Kemudian, musim gugur yang lalu, kami menyewa arsitek baru yang berjanji untuk menyelesaikan rumah sebelum musim semi. Kami pindah lagi, hampir tanpa kesulitan berlatih, ke apartemen Brooklyn dua kamar lain untuk menyingkir. Kami menunggu lagi - tapi kali ini, kami melihat kemajuan.
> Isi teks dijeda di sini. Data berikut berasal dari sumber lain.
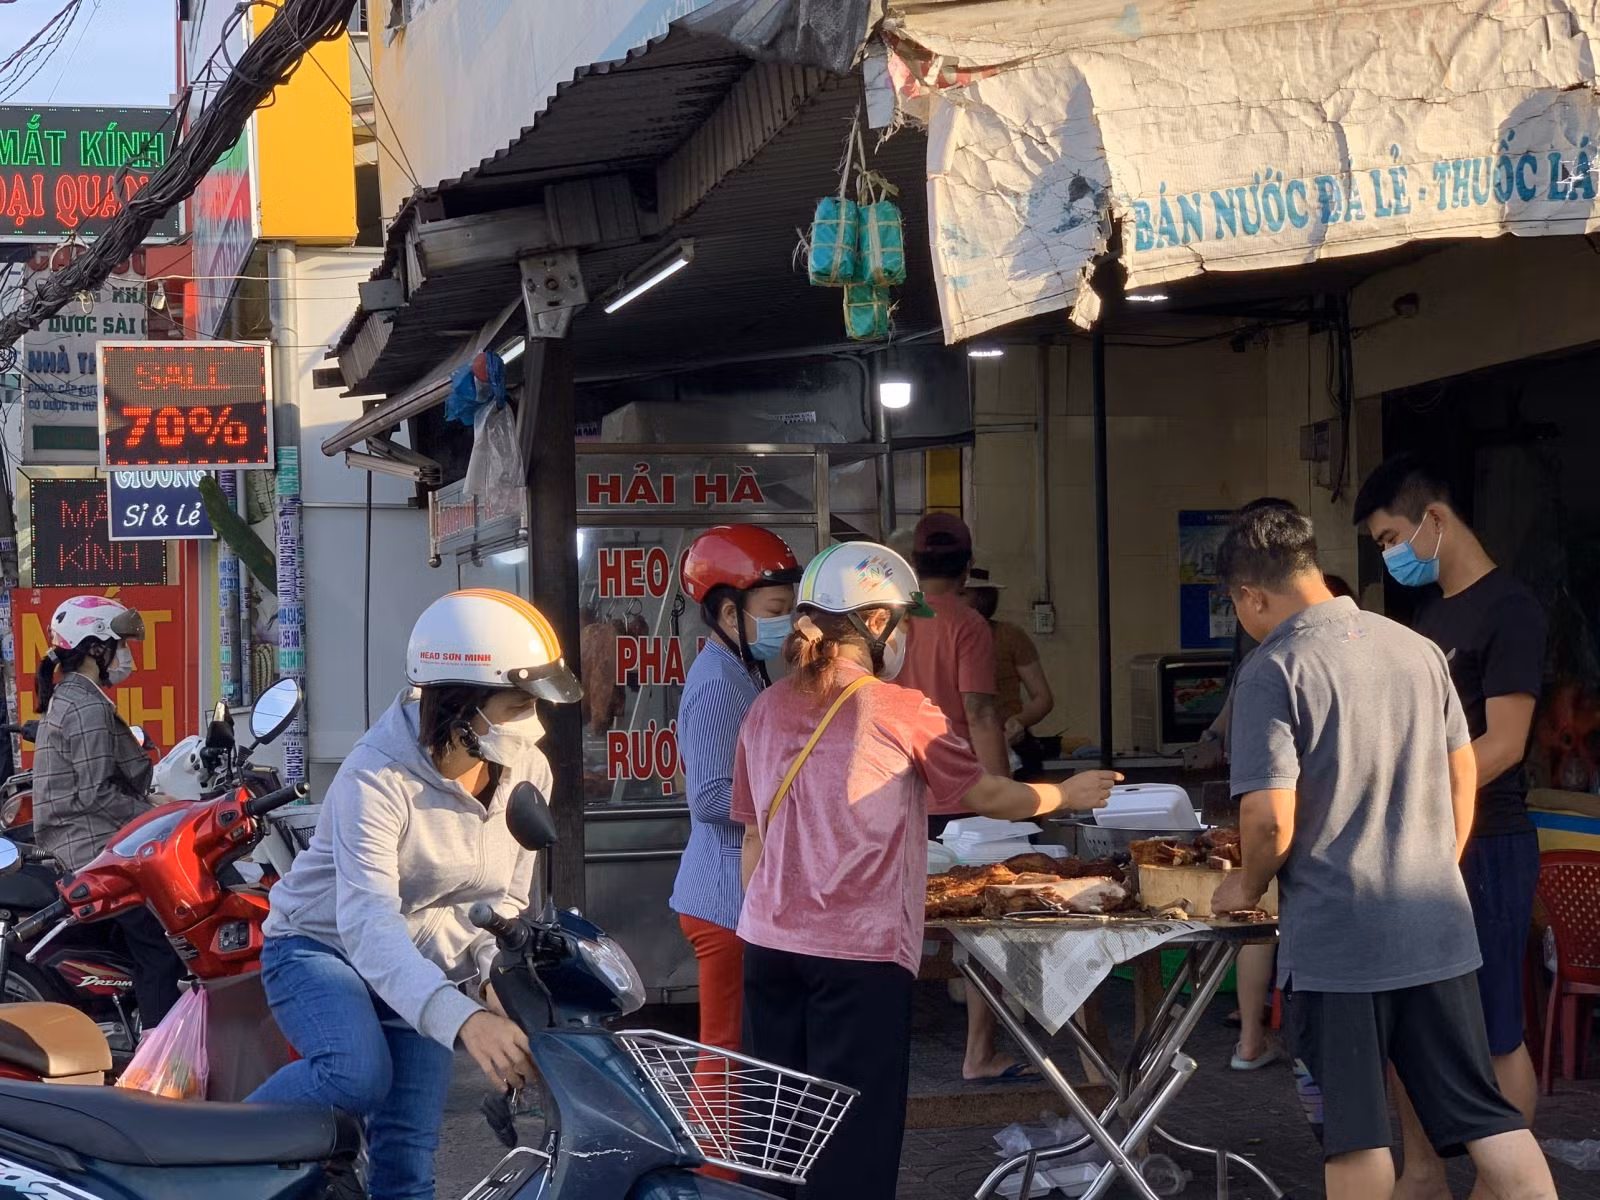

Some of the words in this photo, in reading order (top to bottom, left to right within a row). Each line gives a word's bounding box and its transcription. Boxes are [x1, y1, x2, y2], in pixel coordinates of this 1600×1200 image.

Sekarang bayi kami adalah balita yang berlari enam kaki bolak-balik dari kamarnya ke kami, berteriak, "Aku berlari!" Kami melihatnya bermain di kamar bayi sementara di mana pintu tidak sepenuhnya tertutup, dan kami memasak makanan bersama dengan tenang dalam kegelapan, agar tidak membangunkannya setelah ia pergi tidur.

Ketika kami akhirnya pindah ke rumah yang akan terasa seperti rumah kami, kami akan memasak makanan di dapur sementara putra kami berlari melalui aula. Itulah harapan kecil yang membuat kami terus berjalan saat kami bergerak, dan menunggu, dan makan bungkus makanan. Ini adalah masa depan yang selalu bisa kita lihat tetapi tidak pernah bertahan, dan itu hanya sedikit lebih lama sebelum kita akhirnya bisa, secara luar biasa, mengatakan kita pulang.

Corynne Cirilli adalah seorang penulis, reporter, dan konsultan media yang tinggal di Brooklyn.

Pin
Send
Share
Send

Tonton videonya: Sabar Pasti Allah Pilihkan Jodoh Yang Terbaik - Ustadz Adi Hidayat, Lc, MA (Mungkin 2024).